Sobre homens, mulheres e ursos (ou “O que fazer quando alguém tem medo de alguém como você”)

Rodrigo Ortiz Vinholo
3 min readJun 27, 2024
“The Three Bears”, Arthur Rackham’s illustration to English Fairy Tales, by Flora Annie Steel, 1918

Parece óbvio, mas nada reforça mais a sensação de insegurança que você transmite do que insultar ou ameaçar uma pessoa que diz ter medo de você. Menções a possibilidades de agressão ou morte dessa pessoa também não ajudam.

Se você não é uma pessoa muito online, talvez tenha perdido o meme internacional em que mulheres atestaram que preferem encontrar um urso em uma floresta do que um homem desconhecido.

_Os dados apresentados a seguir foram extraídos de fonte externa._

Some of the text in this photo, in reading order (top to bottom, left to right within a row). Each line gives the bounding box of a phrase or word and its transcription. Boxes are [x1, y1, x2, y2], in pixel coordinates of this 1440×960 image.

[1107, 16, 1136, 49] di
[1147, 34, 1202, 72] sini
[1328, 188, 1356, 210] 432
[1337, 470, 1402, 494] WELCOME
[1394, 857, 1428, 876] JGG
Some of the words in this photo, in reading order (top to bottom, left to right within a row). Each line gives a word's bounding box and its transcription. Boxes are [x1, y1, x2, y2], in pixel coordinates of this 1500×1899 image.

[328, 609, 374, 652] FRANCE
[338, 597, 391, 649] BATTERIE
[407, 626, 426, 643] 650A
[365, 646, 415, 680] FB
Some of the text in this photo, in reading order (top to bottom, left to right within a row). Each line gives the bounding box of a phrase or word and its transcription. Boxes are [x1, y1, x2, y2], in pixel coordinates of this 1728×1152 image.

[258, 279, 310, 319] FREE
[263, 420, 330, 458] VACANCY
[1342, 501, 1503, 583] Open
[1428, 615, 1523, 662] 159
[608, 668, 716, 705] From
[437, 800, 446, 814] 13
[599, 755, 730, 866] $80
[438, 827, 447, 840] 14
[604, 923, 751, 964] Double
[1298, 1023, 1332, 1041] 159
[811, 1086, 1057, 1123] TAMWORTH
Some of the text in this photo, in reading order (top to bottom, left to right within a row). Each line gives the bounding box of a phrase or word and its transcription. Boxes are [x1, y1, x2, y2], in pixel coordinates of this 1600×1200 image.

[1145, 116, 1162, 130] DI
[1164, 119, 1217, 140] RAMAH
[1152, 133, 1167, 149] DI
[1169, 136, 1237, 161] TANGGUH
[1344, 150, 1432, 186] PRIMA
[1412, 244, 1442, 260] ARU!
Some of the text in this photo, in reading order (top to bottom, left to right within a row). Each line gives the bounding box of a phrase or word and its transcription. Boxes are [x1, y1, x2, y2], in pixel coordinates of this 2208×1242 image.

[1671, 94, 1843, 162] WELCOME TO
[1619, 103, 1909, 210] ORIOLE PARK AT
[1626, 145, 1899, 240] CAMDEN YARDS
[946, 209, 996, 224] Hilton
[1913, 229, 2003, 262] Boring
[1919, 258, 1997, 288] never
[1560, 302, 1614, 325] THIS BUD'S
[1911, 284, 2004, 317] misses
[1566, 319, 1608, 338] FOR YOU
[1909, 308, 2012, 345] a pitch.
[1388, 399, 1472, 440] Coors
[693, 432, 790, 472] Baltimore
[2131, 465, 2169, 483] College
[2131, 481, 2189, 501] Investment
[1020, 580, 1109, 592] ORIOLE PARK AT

O motivo é simples, e é aproximadamente esse: elas sentem que os ursos, por mortais que possam ser, são ameaça menor porque, diferente de muitos homens, não são ativamente mal-intencionados. Os ursos não verão o fato de estarem sozinhos como uma oportunidade. Ou, como já vi mais de uma mulher dizer, “o urso vai ‘só’ me matar”, ou “o máximo que o urso vai fazer é me matar.”

Frente a isso, as respostas de muitos dos homens não tem sido das melhores. Muitos apontam corretamente que o urso tem poder de matar… mas ao fazê-lo ignoram a mensagem básica da metáfora, então antes que o assunto se vá de vez no mar da internet, achei interessante registrar o caso e deixar minha opinião sobre o caso.

Não é confortável ser vítima de generalização, eu sei bem. Mas se a sua reação à generalização é apoiar o que está sendo dito a respeito… bem, você não está se ajudando ou ajudando os outros homens.

Se alguém fala que se sentiria mais seguro com um urso do que com alguém como você e sua primeira menção é algo envolvendo violência e morte, a associação que está sendo feita não vai ser algo que vai contra a imagem do urso, mas contra a sua. E quanto maior seu esforço, com insultos e ataques (inclusive, já vi casos, até com ilustrações), mais você reforça um ponto que não é exatamente o que queria fazer. Quanto mais intensas as tentativas para desmentir isso, menos crível você será.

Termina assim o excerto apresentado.